EXERCISE AIM: Each entry below needs to be transcribed verbatim; the images should not appear.

----------

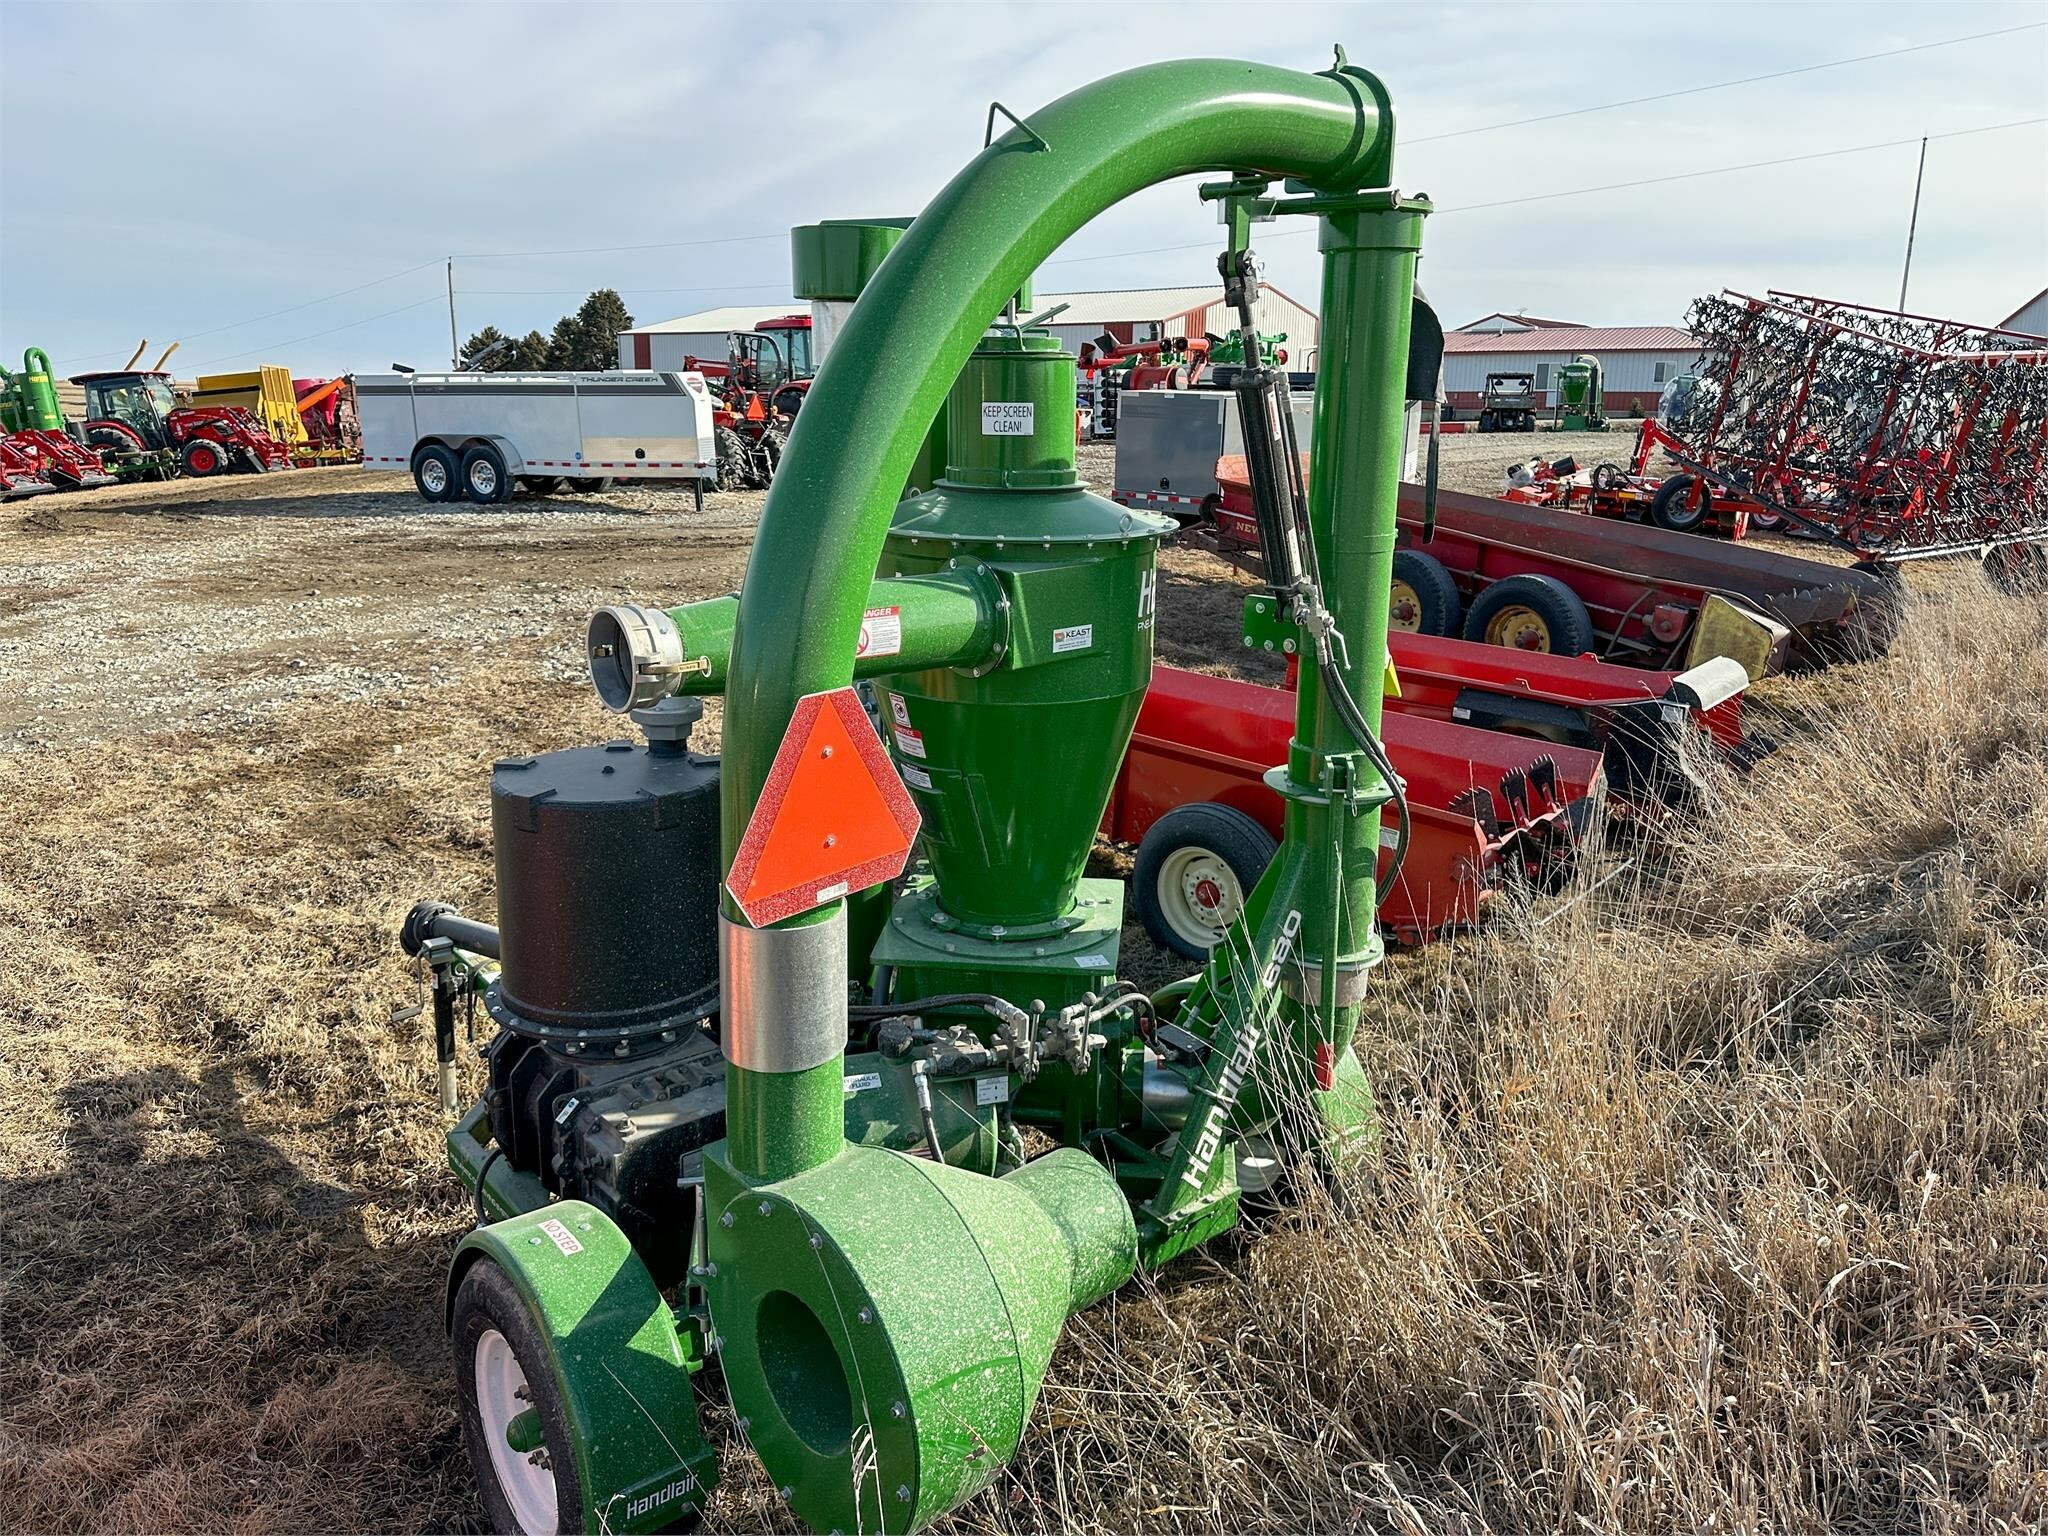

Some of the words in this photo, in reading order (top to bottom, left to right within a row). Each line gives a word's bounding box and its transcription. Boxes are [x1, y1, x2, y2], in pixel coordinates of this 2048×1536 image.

[983, 405, 1002, 418] KEEP
[1003, 405, 1032, 418] SCREEN
[993, 420, 1022, 433] CLEAN!
[1066, 627, 1091, 639] KEAST
[1262, 908, 1302, 990] 680
[543, 1219, 556, 1233] NO
[553, 1230, 580, 1253] STEP
[626, 1474, 699, 1520] Handlair
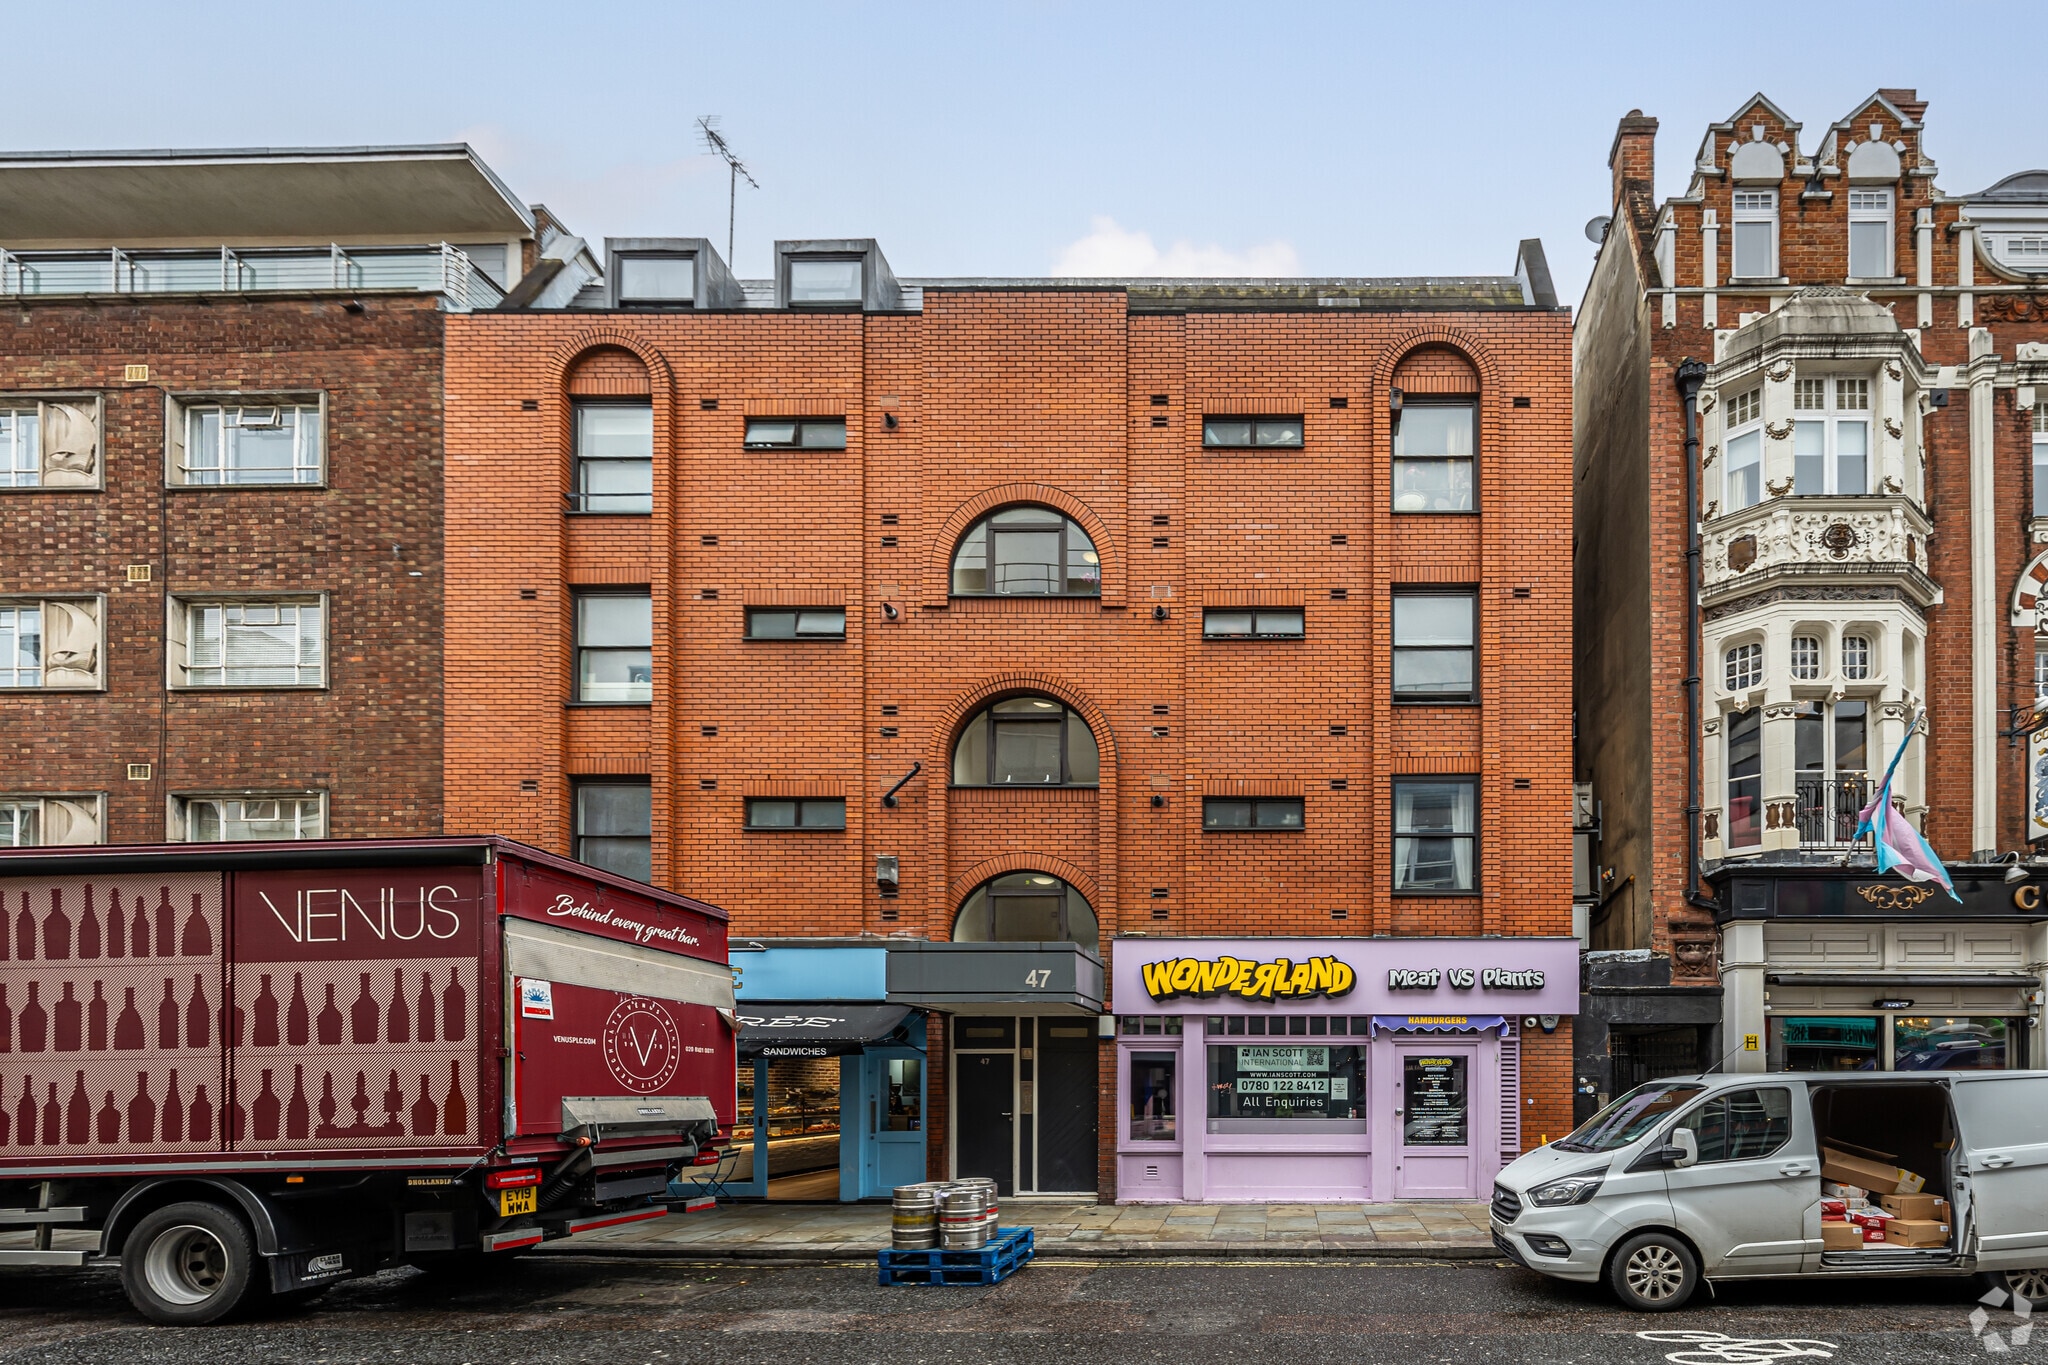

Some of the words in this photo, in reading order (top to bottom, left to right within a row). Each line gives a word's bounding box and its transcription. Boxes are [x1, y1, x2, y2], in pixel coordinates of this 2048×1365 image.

----------

OUTPUT OF THE EXERCISE:
Some of the words in this photo, in reading order (top to bottom, left to right within a row). Each line gives a word's bounding box and its transcription. Boxes are [x1, y1, x2, y2], in pixel coordinates of this 2048×1536 image.

[983, 405, 1002, 418] KEEP
[1003, 405, 1032, 418] SCREEN
[993, 420, 1022, 433] CLEAN!
[1066, 627, 1091, 639] KEAST
[1262, 908, 1302, 990] 680
[543, 1219, 556, 1233] NO
[553, 1230, 580, 1253] STEP
[626, 1474, 699, 1520] Handlair

Some of the words in this photo, in reading order (top to bottom, left to right within a row). Each line gives a word's bounding box and its transcription. Boxes are [x1, y1, x2, y2], in pixel coordinates of this 2048×1365 image.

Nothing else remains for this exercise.